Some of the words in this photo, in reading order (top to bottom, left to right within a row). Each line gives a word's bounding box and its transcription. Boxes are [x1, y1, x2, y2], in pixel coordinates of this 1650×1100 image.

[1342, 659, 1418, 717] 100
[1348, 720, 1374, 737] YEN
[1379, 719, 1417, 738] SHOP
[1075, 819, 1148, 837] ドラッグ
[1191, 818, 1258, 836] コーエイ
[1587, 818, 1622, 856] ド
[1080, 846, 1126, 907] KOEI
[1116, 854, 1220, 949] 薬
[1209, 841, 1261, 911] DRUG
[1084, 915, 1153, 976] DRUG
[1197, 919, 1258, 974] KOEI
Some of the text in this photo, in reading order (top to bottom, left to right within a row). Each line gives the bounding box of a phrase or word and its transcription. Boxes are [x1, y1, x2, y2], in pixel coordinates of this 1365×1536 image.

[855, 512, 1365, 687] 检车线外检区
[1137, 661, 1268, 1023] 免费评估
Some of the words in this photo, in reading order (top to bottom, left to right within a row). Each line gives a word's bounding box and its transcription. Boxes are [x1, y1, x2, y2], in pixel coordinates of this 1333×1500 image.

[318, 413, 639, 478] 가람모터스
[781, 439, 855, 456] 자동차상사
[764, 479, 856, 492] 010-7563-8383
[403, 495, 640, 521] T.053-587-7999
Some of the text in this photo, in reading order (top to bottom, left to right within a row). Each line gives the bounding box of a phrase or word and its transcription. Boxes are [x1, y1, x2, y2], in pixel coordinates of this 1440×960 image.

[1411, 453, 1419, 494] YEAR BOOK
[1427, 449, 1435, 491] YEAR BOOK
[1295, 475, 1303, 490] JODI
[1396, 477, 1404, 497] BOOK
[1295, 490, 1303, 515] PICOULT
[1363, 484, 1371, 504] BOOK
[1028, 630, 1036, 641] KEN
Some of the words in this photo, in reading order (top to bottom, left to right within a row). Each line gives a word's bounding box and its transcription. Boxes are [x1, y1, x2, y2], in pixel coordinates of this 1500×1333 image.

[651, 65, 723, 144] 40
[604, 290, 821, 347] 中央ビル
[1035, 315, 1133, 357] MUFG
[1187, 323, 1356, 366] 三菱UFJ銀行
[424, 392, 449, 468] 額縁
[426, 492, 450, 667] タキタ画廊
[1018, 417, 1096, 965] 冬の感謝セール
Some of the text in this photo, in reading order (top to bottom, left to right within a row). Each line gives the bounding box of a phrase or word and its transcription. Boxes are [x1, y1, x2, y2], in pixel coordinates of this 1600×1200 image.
──────────────────────────────
• **THE TASK**
Print the records above in full, exactly.

• **WRITTEN SOLUTION**
Some of the words in this photo, in reading order (top to bottom, left to right within a row). Each line gives a word's bounding box and its transcription. Boxes are [x1, y1, x2, y2], in pixel coordinates of this 1650×1100 image.

[1342, 659, 1418, 717] 100
[1348, 720, 1374, 737] YEN
[1379, 719, 1417, 738] SHOP
[1075, 819, 1148, 837] ドラッグ
[1191, 818, 1258, 836] コーエイ
[1587, 818, 1622, 856] ド
[1080, 846, 1126, 907] KOEI
[1116, 854, 1220, 949] 薬
[1209, 841, 1261, 911] DRUG
[1084, 915, 1153, 976] DRUG
[1197, 919, 1258, 974] KOEI
Some of the text in this photo, in reading order (top to bottom, left to right within a row). Each line gives the bounding box of a phrase or word and its transcription. Boxes are [x1, y1, x2, y2], in pixel coordinates of this 1365×1536 image.

[855, 512, 1365, 687] 检车线外检区
[1137, 661, 1268, 1023] 免费评估
Some of the words in this photo, in reading order (top to bottom, left to right within a row). Each line gives a word's bounding box and its transcription. Boxes are [x1, y1, x2, y2], in pixel coordinates of this 1333×1500 image.

[318, 413, 639, 478] 가람모터스
[781, 439, 855, 456] 자동차상사
[764, 479, 856, 492] 010-7563-8383
[403, 495, 640, 521] T.053-587-7999
Some of the text in this photo, in reading order (top to bottom, left to right within a row). Each line gives the bounding box of a phrase or word and its transcription. Boxes are [x1, y1, x2, y2], in pixel coordinates of this 1440×960 image.

[1411, 453, 1419, 494] YEAR BOOK
[1427, 449, 1435, 491] YEAR BOOK
[1295, 475, 1303, 490] JODI
[1396, 477, 1404, 497] BOOK
[1295, 490, 1303, 515] PICOULT
[1363, 484, 1371, 504] BOOK
[1028, 630, 1036, 641] KEN
Some of the words in this photo, in reading order (top to bottom, left to right within a row). Each line gives a word's bounding box and its transcription. Boxes are [x1, y1, x2, y2], in pixel coordinates of this 1500×1333 image.

[651, 65, 723, 144] 40
[604, 290, 821, 347] 中央ビル
[1035, 315, 1133, 357] MUFG
[1187, 323, 1356, 366] 三菱UFJ銀行
[424, 392, 449, 468] 額縁
[426, 492, 450, 667] タキタ画廊
[1018, 417, 1096, 965] 冬の感謝セール
Some of the text in this photo, in reading order (top to bottom, left to right within a row). Each line gives the bounding box of a phrase or word and its transcription. Boxes are [x1, y1, x2, y2], in pixel coordinates of this 1600×1200 image.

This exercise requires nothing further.